→ Exercise requirements:
Repeat these records exactly, pictures excluded.

== Provided records

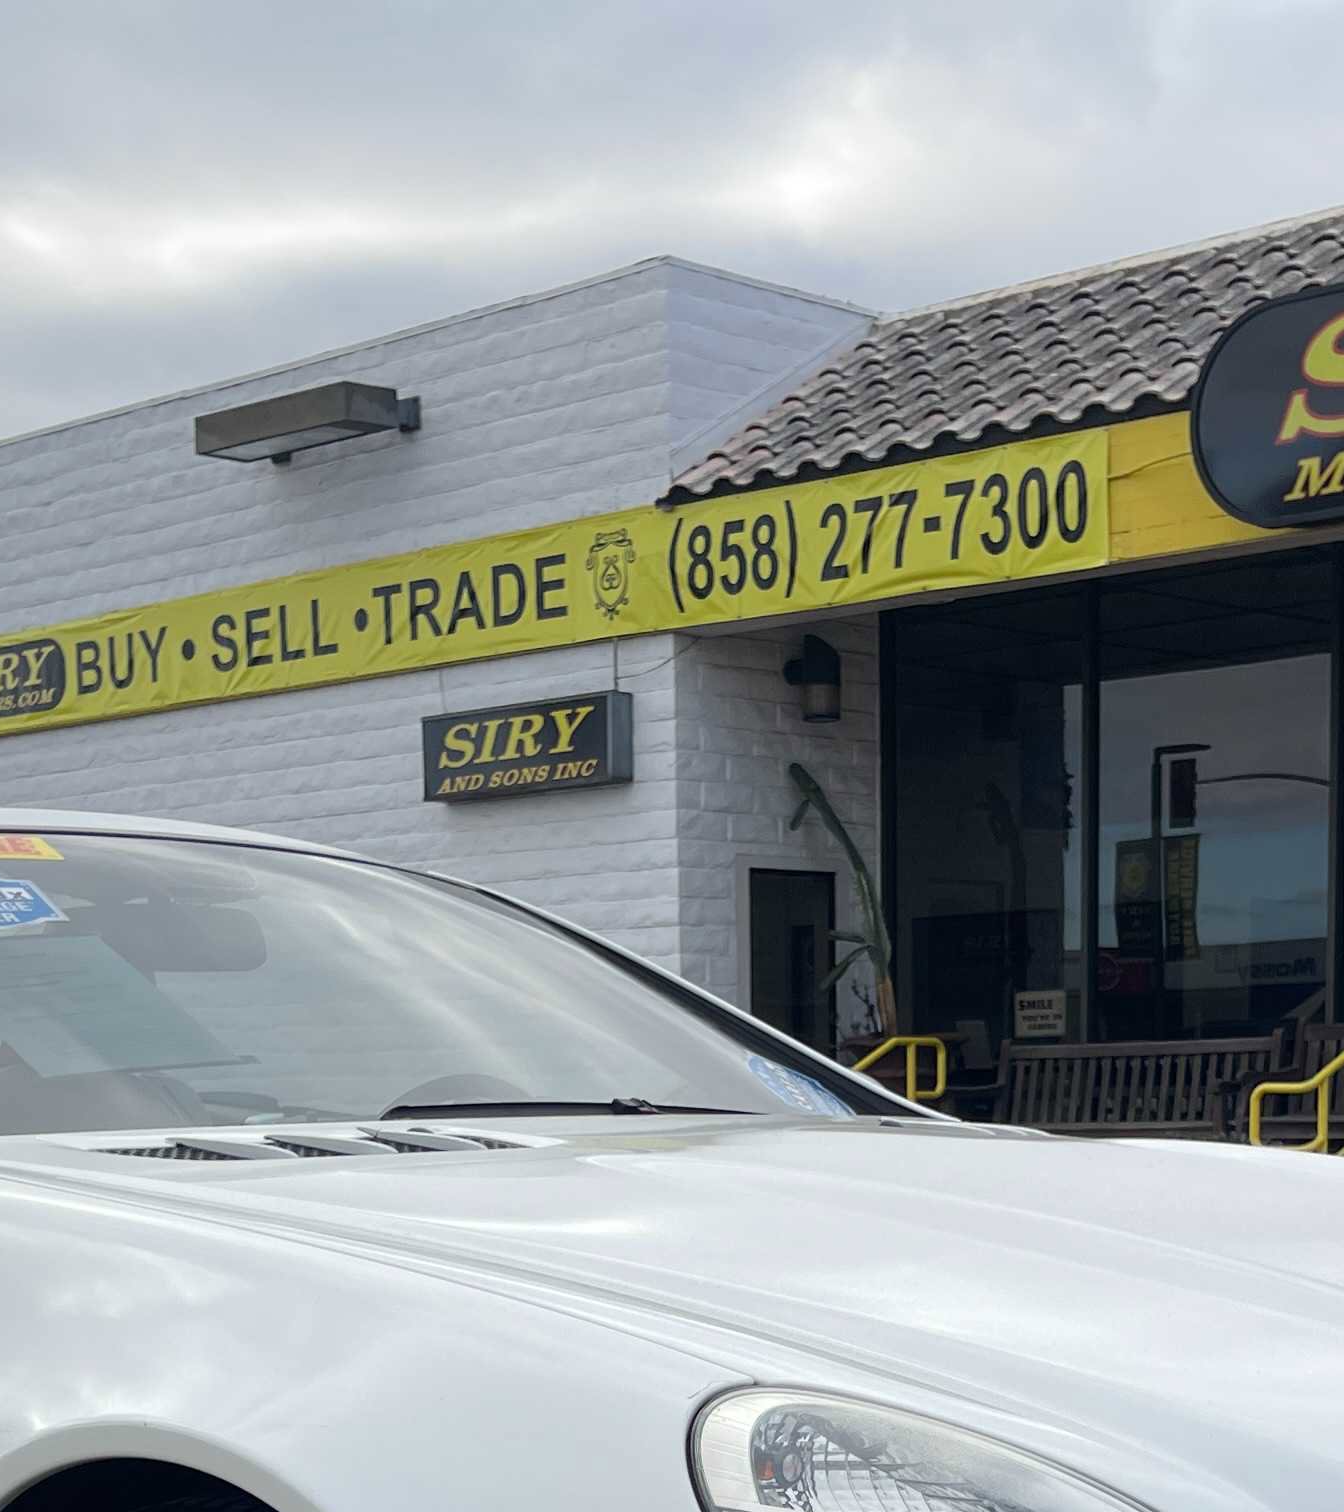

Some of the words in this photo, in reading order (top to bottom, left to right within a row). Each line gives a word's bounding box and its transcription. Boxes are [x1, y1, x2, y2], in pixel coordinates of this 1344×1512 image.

[669, 500, 797, 613] (858)
[820, 460, 1087, 581] 277-7300
[76, 626, 168, 695] BUY
[211, 599, 338, 672] SELL
[371, 553, 568, 645] TRADE
[436, 774, 485, 795] AND
[489, 765, 550, 788] SONS
[553, 759, 598, 780] INC
[439, 706, 595, 769] SIRY

====

→ Reply to the task:
Some of the words in this photo, in reading order (top to bottom, left to right within a row). Each line gives a word's bounding box and its transcription. Boxes are [x1, y1, x2, y2], in pixel coordinates of this 1344×1512 image.

[669, 500, 797, 613] (858)
[820, 460, 1087, 581] 277-7300
[76, 626, 168, 695] BUY
[211, 599, 338, 672] SELL
[371, 553, 568, 645] TRADE
[436, 774, 485, 795] AND
[489, 765, 550, 788] SONS
[553, 759, 598, 780] INC
[439, 706, 595, 769] SIRY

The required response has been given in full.